Lucas, the garrulous bishop of Tuy, included the thaumaturgy of Saint Dominic of Silos as one of the glories of Spain in his mid-thirteenth-century account of the Peninsula's history. This study examines the rise to prominence of one of the most important of saints' cults in Medieval Spain and its development throughout the Middle Ages. It interrogates neglected texts such as the late eleventh-century Vita Dominici Exiliensis and the late thirteenth-century Miráculos romançados (as well as artistic representations and works written outside Silos), and places the more widely known Vida de Santo Domingo by Gonzalo de Berceo (‡c. 1260) in a new light by firmly fixing its presentation of the saint within the development of the cult. Dominic's veneration became centred upon his role in freeing captives, and a study of this phenomenon provides a focus on the frontier and its settlers through their devotion to the saint, as well as illuminating their view of their Muslim adversaries.
This is not the only centre of interest in the book, and a variety of approaches are employed to draw as round a picture as possible of the functioning of this saint's cult, from analysis of the manuscript traditions of the various works discussed to a consideration of the anthropology of Silos as a pilgrimage centre. All quotations are given in both Latin or Romance with an English translation.
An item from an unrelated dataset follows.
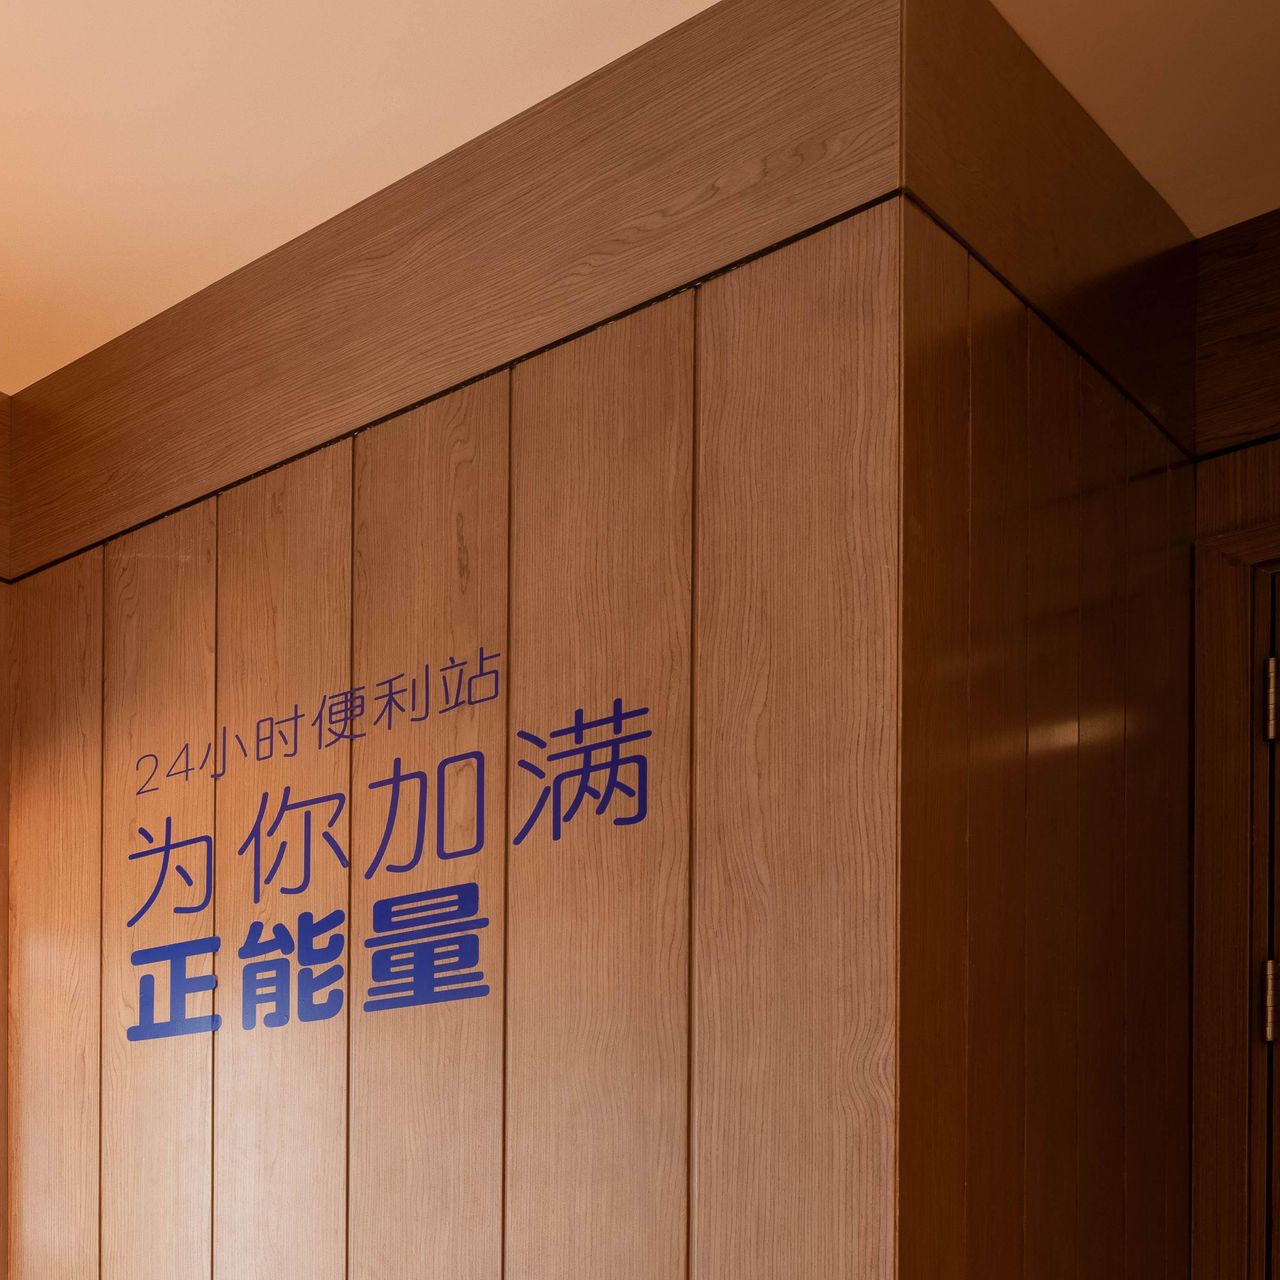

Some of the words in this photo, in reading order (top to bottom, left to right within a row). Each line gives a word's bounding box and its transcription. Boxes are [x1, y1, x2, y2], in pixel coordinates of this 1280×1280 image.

[135, 647, 501, 796] 24小时便利站
[127, 698, 652, 928] 为你加满
[127, 882, 490, 1042] 正能量
This book, originally published in paperback in 2002§ under the ISBN 978-1-902653-91-4, was made Open Access in 2025 as part of the MHRA Revivals programme.
The Vita Dominici Exiliensis, as is normal for hagiographies, evolved over a period of time through a process of addition, reorganization and recension to end as an impressively long document that extends over four hundred pages in its modern edition.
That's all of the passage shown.